What is required
Exactly reproduce the lines from the line that has "Some of the words" down to the last line of the entries, inclusive.

[Records drawn from a dataset]
- Opening Delimiter -

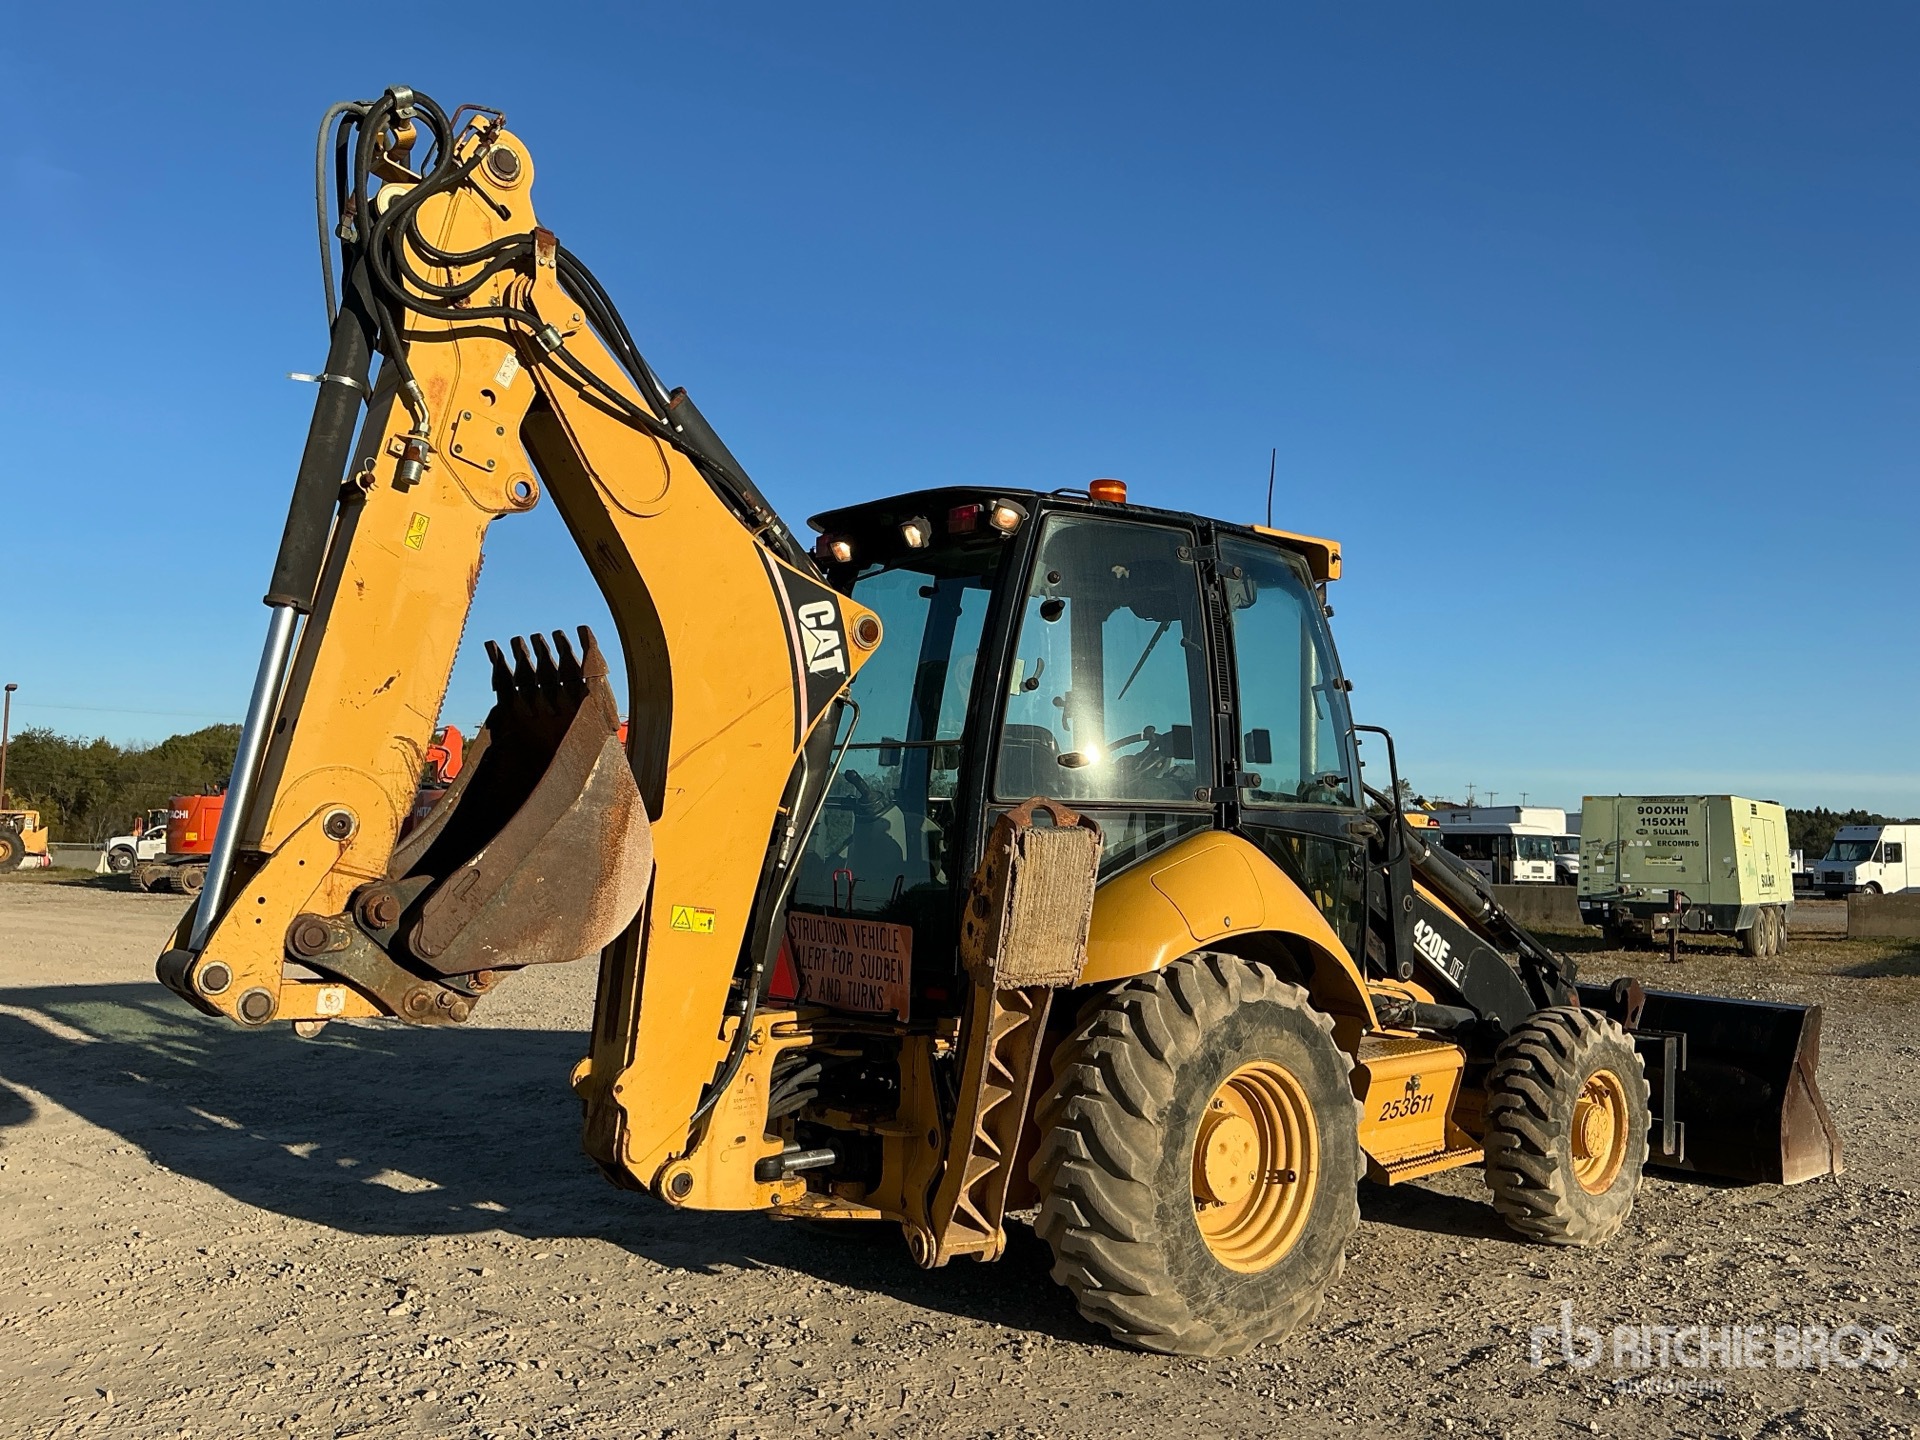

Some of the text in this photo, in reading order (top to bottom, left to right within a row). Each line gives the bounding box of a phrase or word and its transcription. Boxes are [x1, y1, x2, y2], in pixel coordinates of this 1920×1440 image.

[798, 600, 846, 674] CAT
[169, 809, 189, 819] ACHI
[1637, 806, 1689, 815] 900XHH
[1640, 817, 1686, 826] 1150XH
[1653, 828, 1690, 836] SULLAIR
[790, 916, 899, 954] STRUCTION VEHICLE
[1413, 918, 1451, 968] 420E
[832, 948, 854, 976] FOR
[818, 976, 841, 1002] AND
[847, 981, 884, 1011] TURNS
[1378, 1093, 1434, 1122] 253611
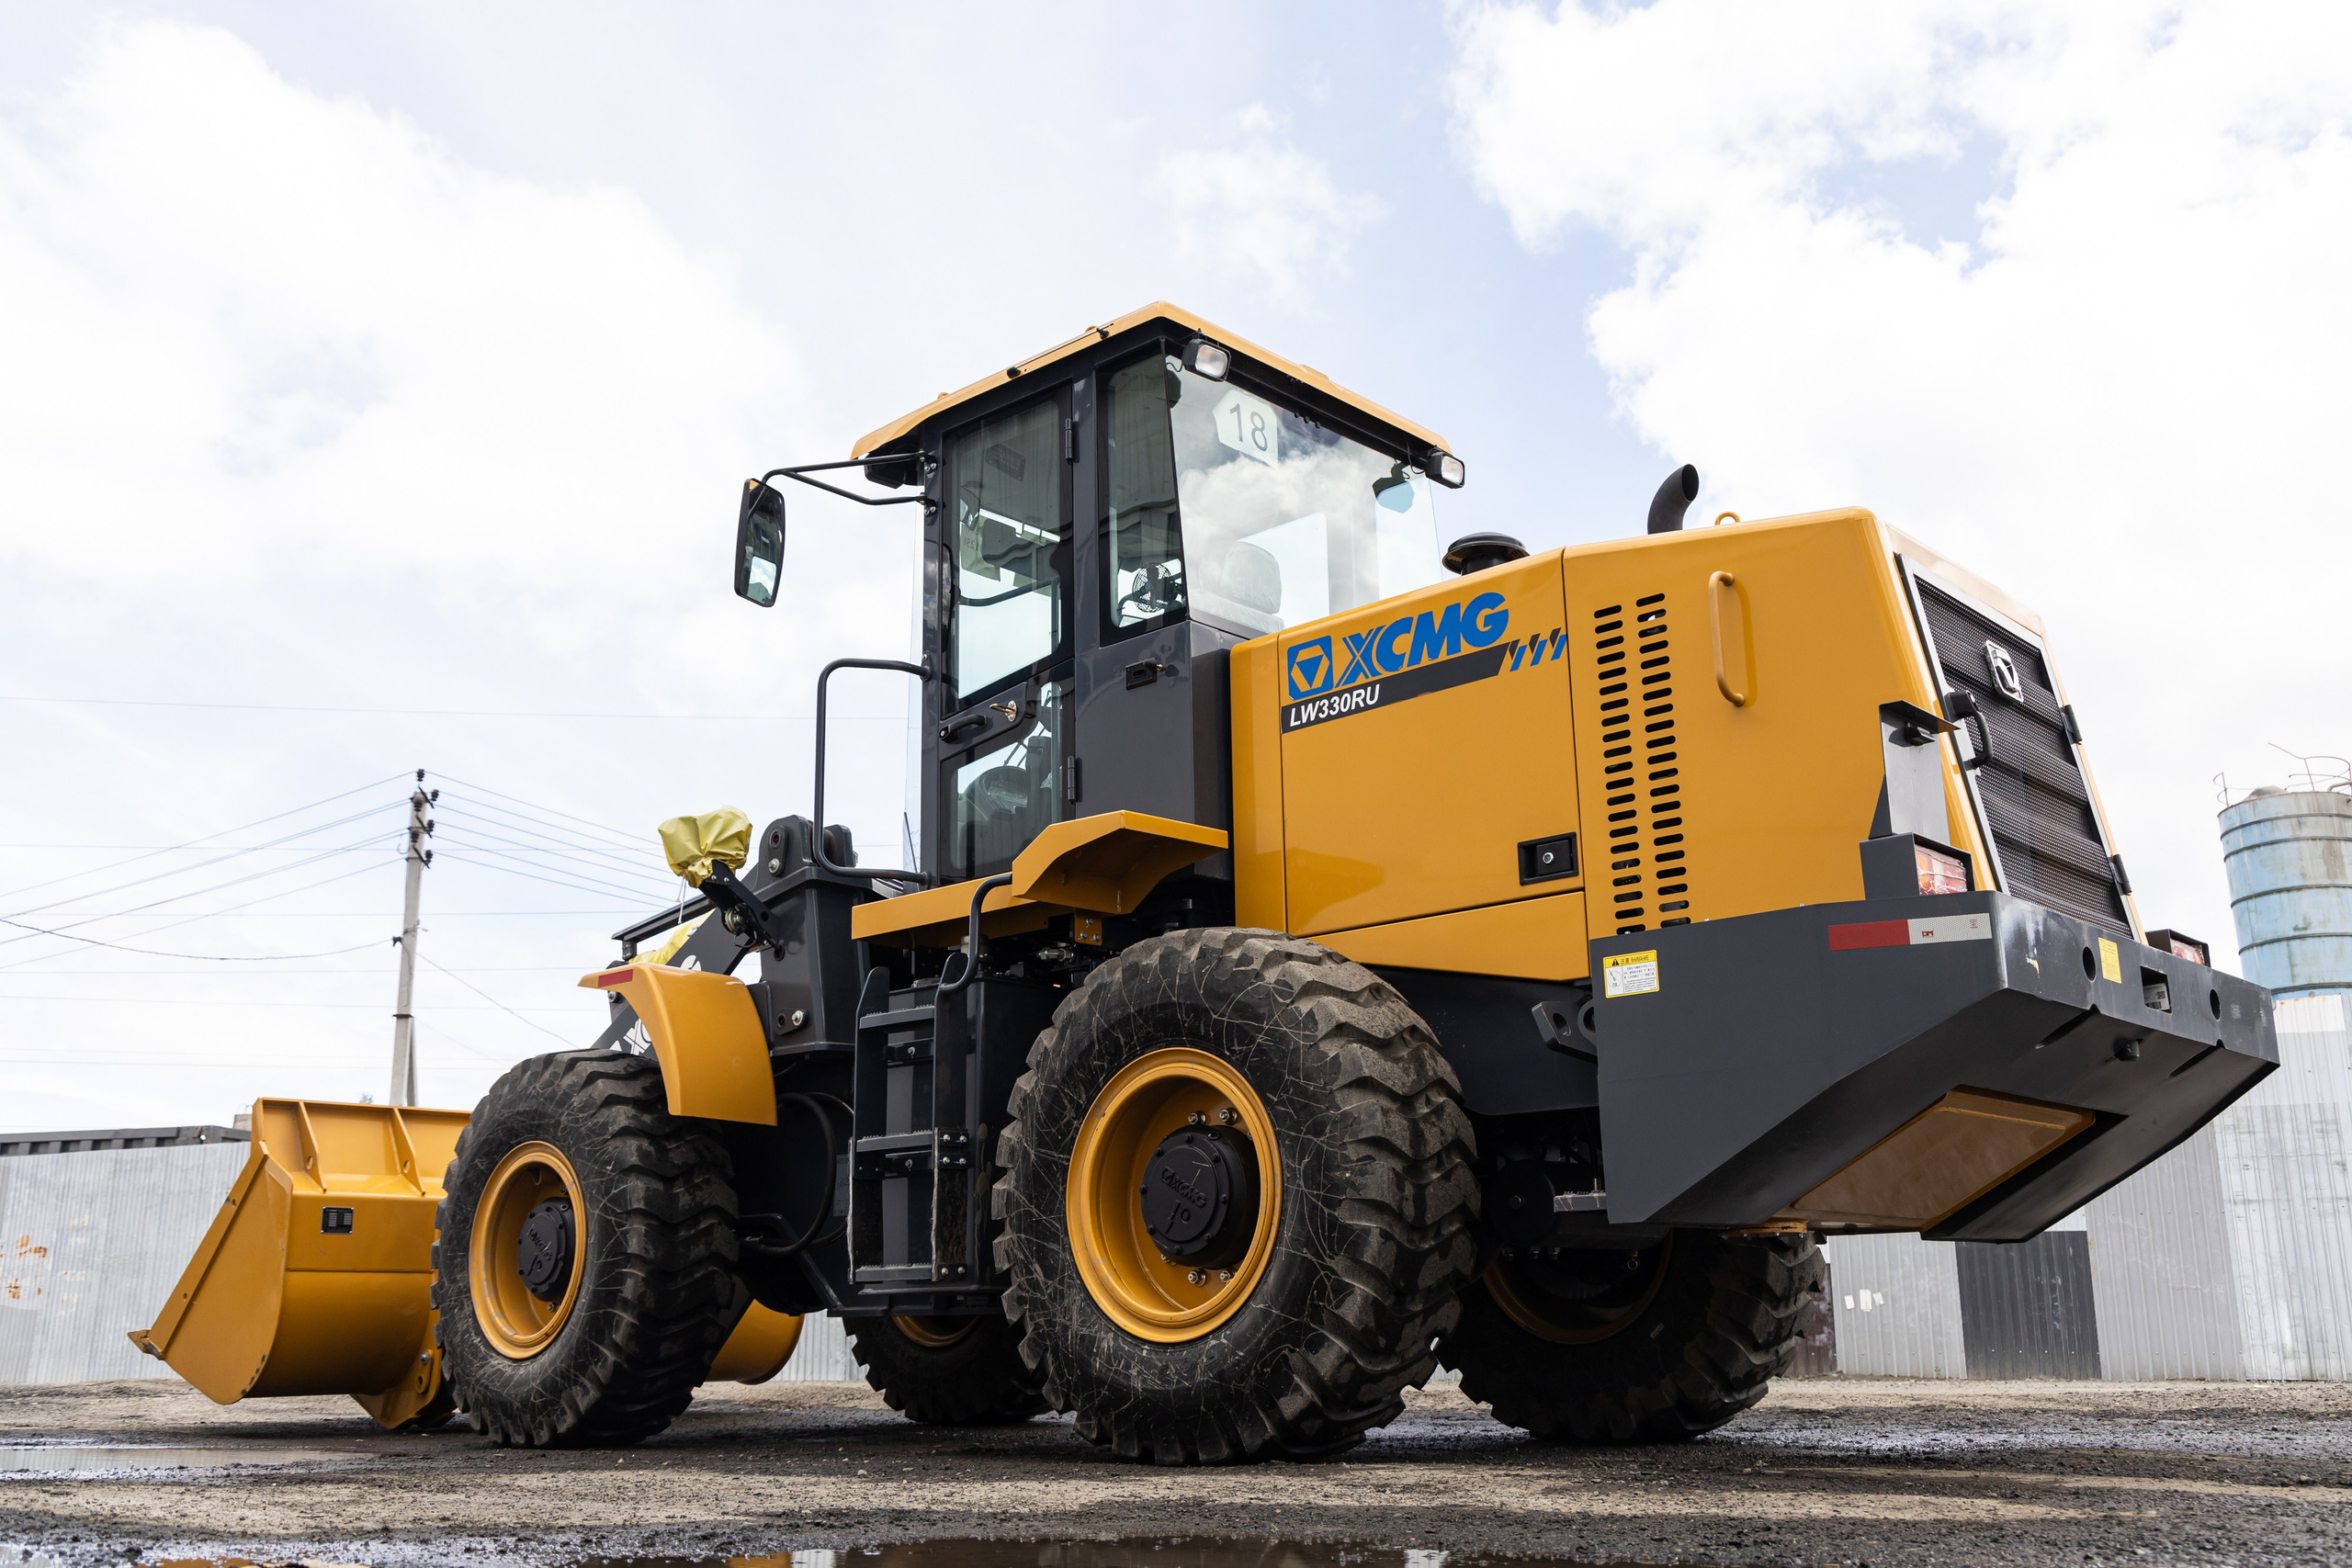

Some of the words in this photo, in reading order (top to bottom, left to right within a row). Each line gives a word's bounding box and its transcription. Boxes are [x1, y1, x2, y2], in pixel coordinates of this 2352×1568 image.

[1229, 403, 1268, 452] 18
[1335, 592, 1510, 689] XCMG
[1289, 683, 1381, 728] LW330RU
[1170, 1176, 1207, 1208] XCMG

- Closing Delimiter -

Expected answer
Some of the words in this photo, in reading order (top to bottom, left to right within a row). Each line gives a word's bounding box and its transcription. Boxes are [x1, y1, x2, y2], in pixel coordinates of this 2352×1568 image.

[1229, 403, 1268, 452] 18
[1335, 592, 1510, 689] XCMG
[1289, 683, 1381, 728] LW330RU
[1170, 1176, 1207, 1208] XCMG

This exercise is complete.